1. Family love is unique but challenging. From Reader’s Digest, we read, It’s every airplane passenger’s nightmare -- getting stuck near a crying baby. I was manning the ticket counter at a busy airport when the sound of a sobbing infant filled the air. As the next passenger stepped up to the desk, he glanced at the tot and rolled his eyes. "Don’t worry," I said to him cheerily. "Chances are that baby won’t be on your flight."

Head shaking, he grimly replied, "Oh, I bet he will. That’s my son." -- Debbie Williams

2. Although we love our infants, toddlers, beginners, primaries, juniors, junior highs and teens, our love for our kids feels different because they are different and we are different.

Main Idea: Love varies with the persons we love and our relationship to them.

I. MID-RANGE Love

A. EXTENDED family

Then there is the love between siblings. Proverbs 17:17 is often misinterpreted, in my view, to teach the concept of sibling rivalry. I understand it to teach that brothers can be leaned upon during difficult times. ("A friend loves at all times, and a brother is born for adversity.") We can call this a SUPPORTING LOVE or perhaps "a love of reliance."
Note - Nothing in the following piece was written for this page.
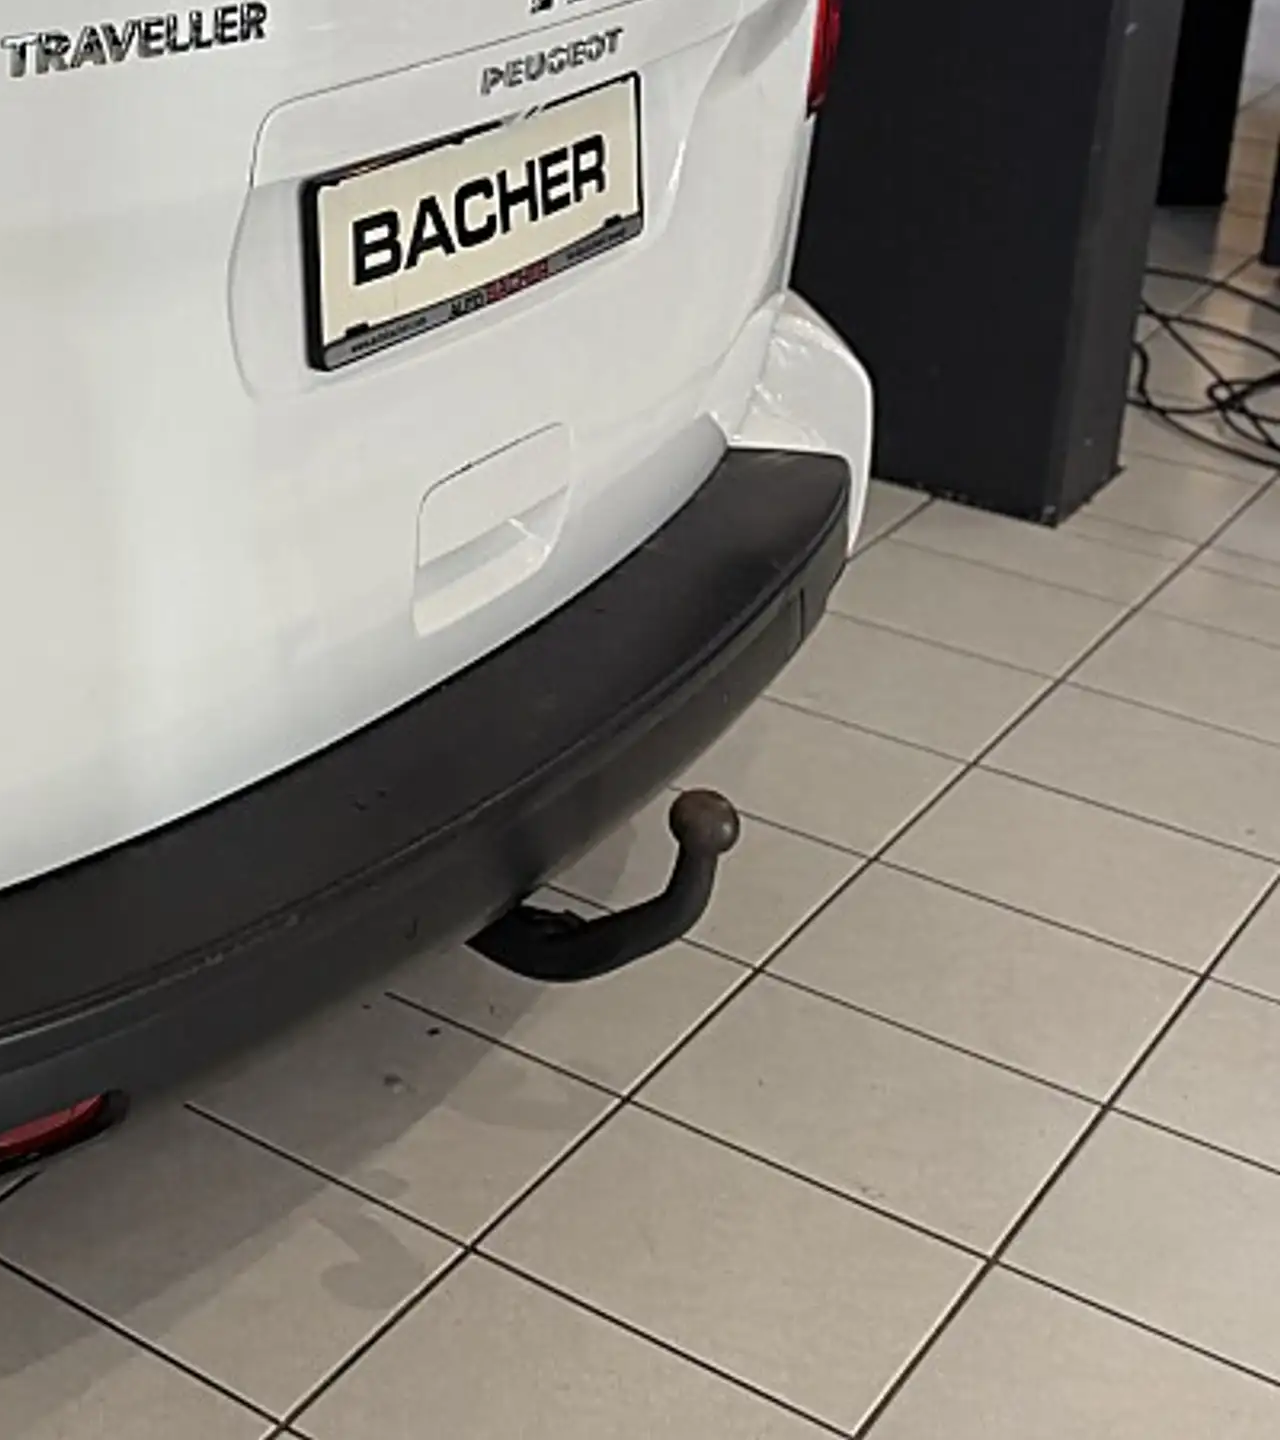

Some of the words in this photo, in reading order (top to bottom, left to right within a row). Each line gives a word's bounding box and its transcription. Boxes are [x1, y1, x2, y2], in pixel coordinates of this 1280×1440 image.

B. CHURCH brothers and sisters

Church ought to be a heavenly experience

My friend Agnes is an accomplished harpist who frequently plays for weddings, receptions, parties and other such events. She is also blond and has an appropriately cherubic face. She was on her way to an engagement at the Peabody Hotel in Memphis, and stepped into an elevator with her large golden harp. Just before the doors closed, a distinguished gray-haired man stepped on. As the elevator rose, he looked thoughtfully first at her and then her harp and asked, "And just how far up are you going?" (Reader’s Digest, Margaret B. Ellis, Mobile, Ala.)

1. Church can be an ego/agenda driven experience, like the Corinthian Church

• everyone trying to get attention

• confusion and chaos

I Corinthians 11:17, "In the following directives I have no praise for you, for your meetings do more harm than good."

2. Or church meetings can be a time of building-up

I Corinthians 8:1, "Knowledge [w/out love] makes arrogant, but love edifies"

3. I Corinthians 13:1-13 was written to address love in a church fellowship context:

[vs. 1-3 -- serving God and "spirituality" does not excuse us from showing love]

"If I speak in the tongues of men and of angels, but have not love, I am only a resounding gong or a clanging cymbal. If I have the gift of prophecy and can fathom all mysteries and all knowledge, and if I have a faith that can move mountains, but have not love, I am nothing. If I give all I possess to the poor and surrender my body to the flames, but have not love, I gain nothing.

[vs. 4-7 -- what love looks like]

"Love is patient, love is kind. It does not envy, it does not boast, it is not proud. It is not rude, it is not self-seeking, it is not easily angered, it keeps no record of wrongs. Love does not delight in evil but rejoices with the truth. It always protects, always trusts, always hopes, always perseveres.